Lo miré, perpleja. Sin más, le arrebaté la carta de las manos. Él se retiró con la misma cortesía educada de siempre, pero su nerviosismo persistía en el aire. Mi corazón latía más rápido, la mezcla de ansiedad y curiosidad se entrelazaba mientras rompía el sello con manos temblorosas. Al abrirla, mis ojos recorrieron lentamente las palabras:

"Mi sultana, de cabellos encendidos como el fuego, 
Mi sultana, de labios suaves como el algodón, 
Me he perdido en tu mirada, mi corazón atrapado, 
Entre tus manos está mi destino. 
Sálvame de la tortura de no tenerte a mi lado. 
Déjame acariciar tus sueños, ser dueño de tu corazón, 
Oh, mi sultana de pechos de miel y ojos hechiceros."

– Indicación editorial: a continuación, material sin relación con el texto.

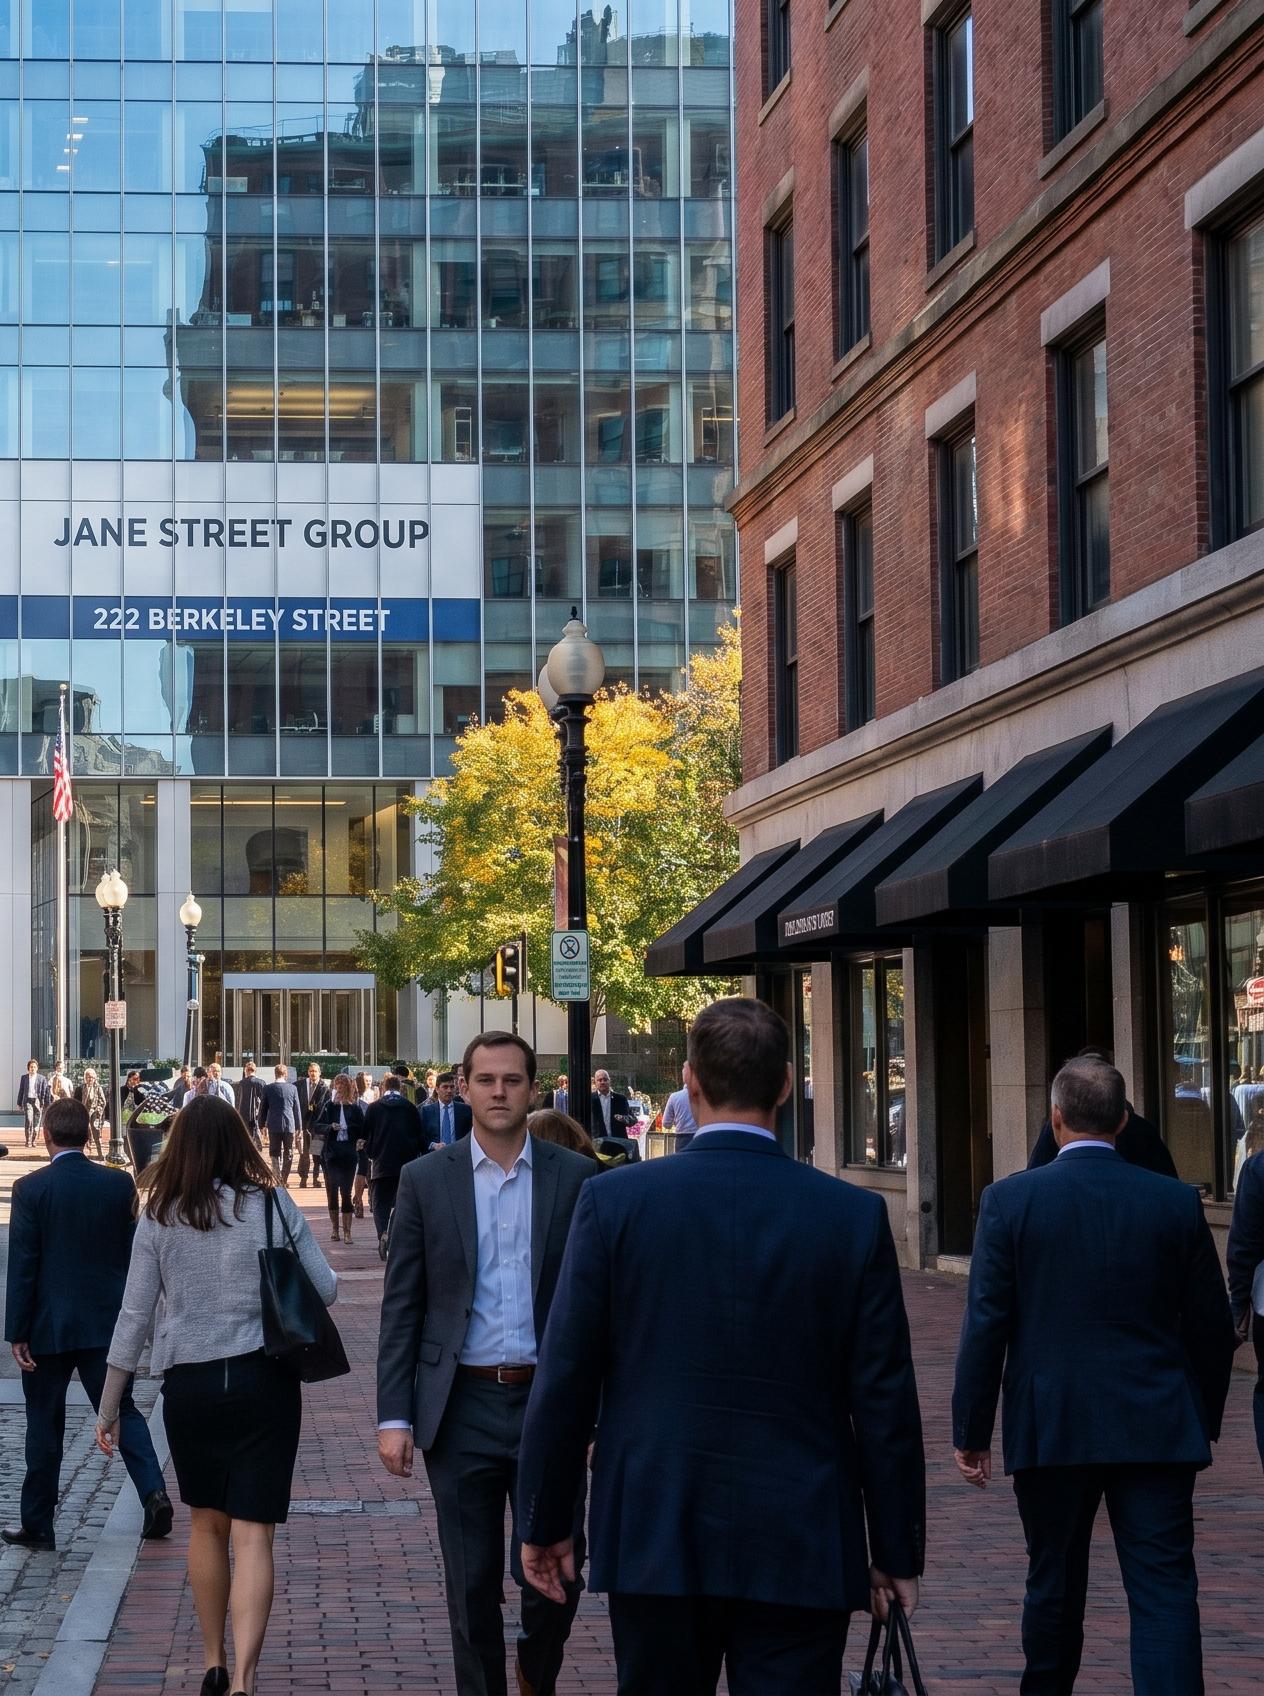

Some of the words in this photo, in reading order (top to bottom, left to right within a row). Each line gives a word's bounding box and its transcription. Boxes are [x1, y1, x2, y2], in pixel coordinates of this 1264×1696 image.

[53, 516, 148, 547] JANE
[158, 517, 293, 549] STREET
[303, 518, 430, 550] GROUP
[93, 607, 140, 630] 222
[149, 607, 285, 632] BERKELEY
[292, 608, 391, 632] STREET
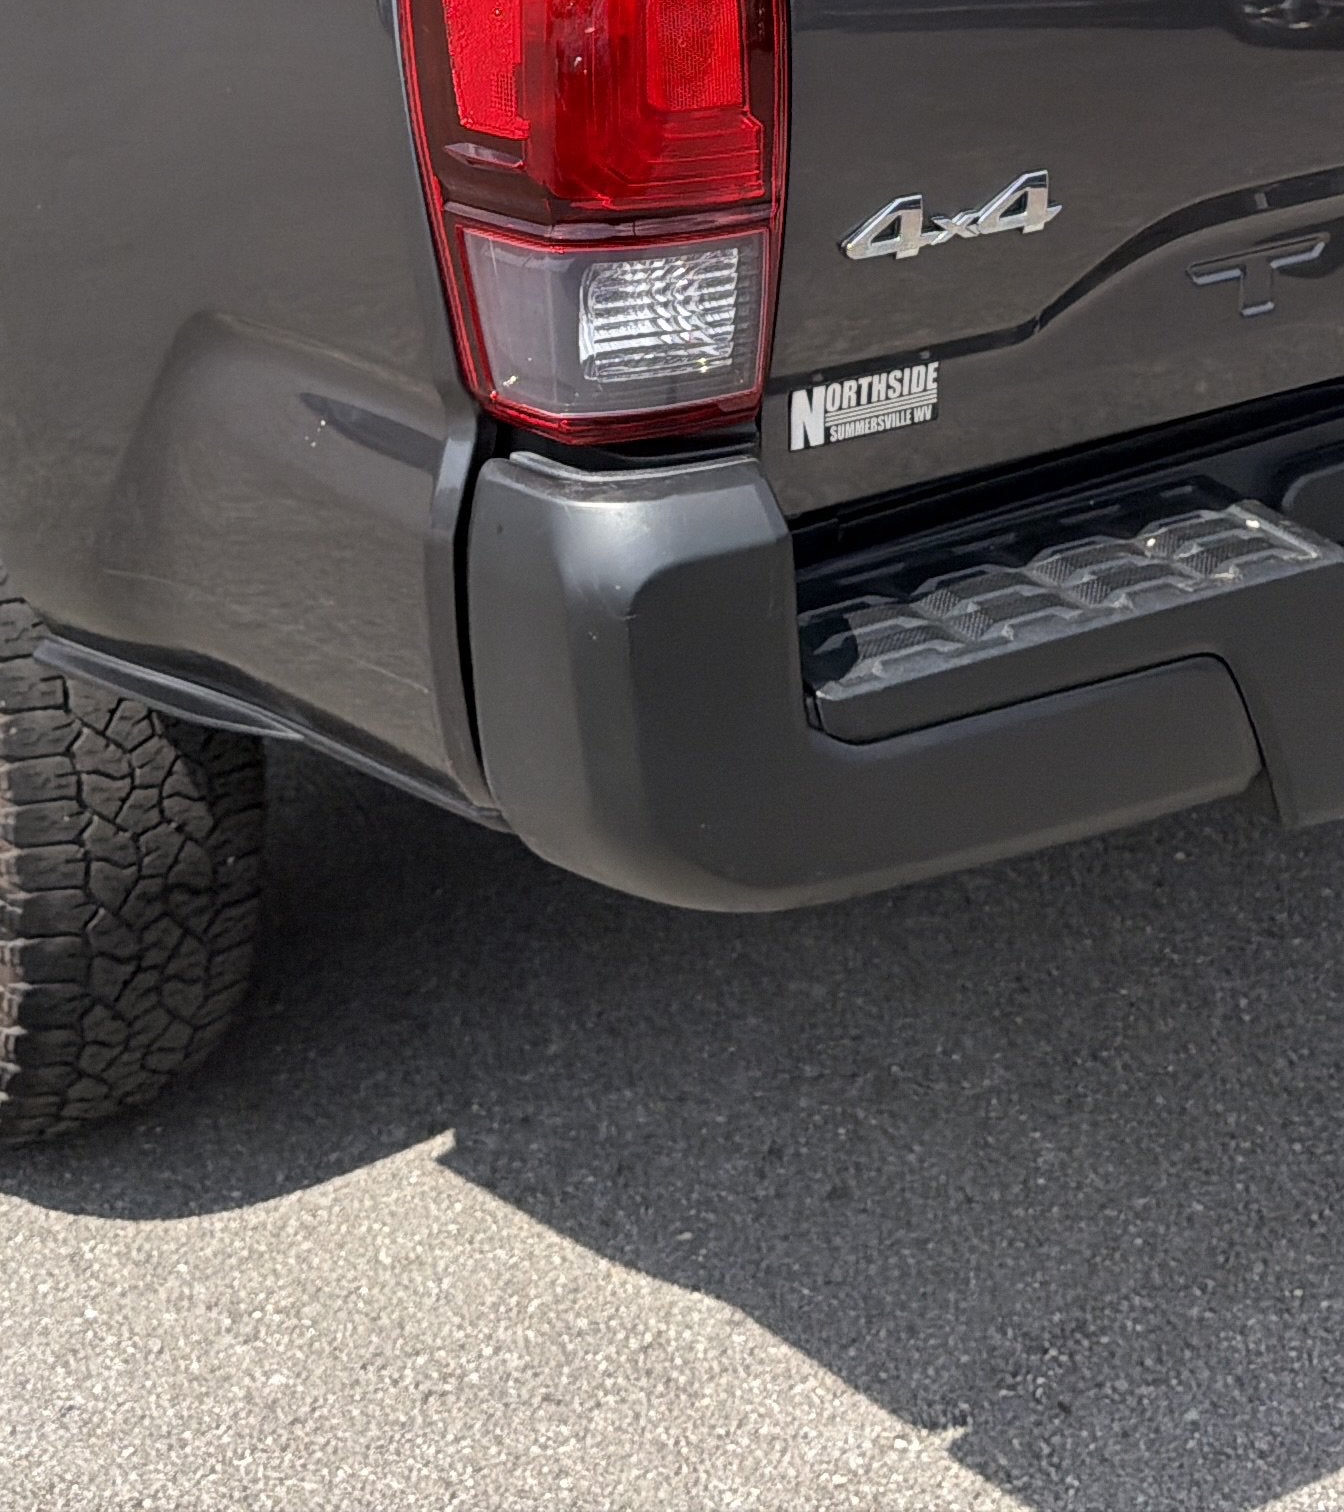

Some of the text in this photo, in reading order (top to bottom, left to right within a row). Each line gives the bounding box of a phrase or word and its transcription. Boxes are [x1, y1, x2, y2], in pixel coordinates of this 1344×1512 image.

[790, 361, 939, 451] NORTHSIDE
[829, 405, 934, 443] SUMMERSVILLE WV

Cerré los ojos un momento, dejando que las palabras flotaran en mi mente. La intensidad de su declaración era abrumadora, pero también desconcertante. ¿Por qué ahora? ¿Por qué esta pasión que parecía fuera de lugar, cuando todo entre nosotros había sido siempre una danza de poder y distancias cuidadosas?

¿Por qué, de repente, la atracción que sentía por él se intensificaba, mientras mi amor por el Sultán se desvanecía lentamente como una vela que se apaga al final de la noche? Sentía mi lealtad tambalearse, y con ello, una confusión que me atormentaba. Me senté suavemente en el borde de la cama, tratando de ordenar mis pensamientos. Sabía que aquel día sería largo y agotador. Mi mente bullía con preguntas, y la respuesta a todas ellas me asustaba.

Con manos temblorosas, tomé la carta de Ibrahim, aquella que había perturbado mi alma. La leí una vez más, sus palabras eran ardientes y cargadas de deseo, cada verso un recordatorio de la intensidad que habíamos compartido, aunque en secreto. No podía deshacerme de ella, así que la escondí bajo mi cama, en un lugar donde ni el aire pudiera alcanzarla. Quería responderle, pero primero, debía cumplir con mi deber: ver al Sultán.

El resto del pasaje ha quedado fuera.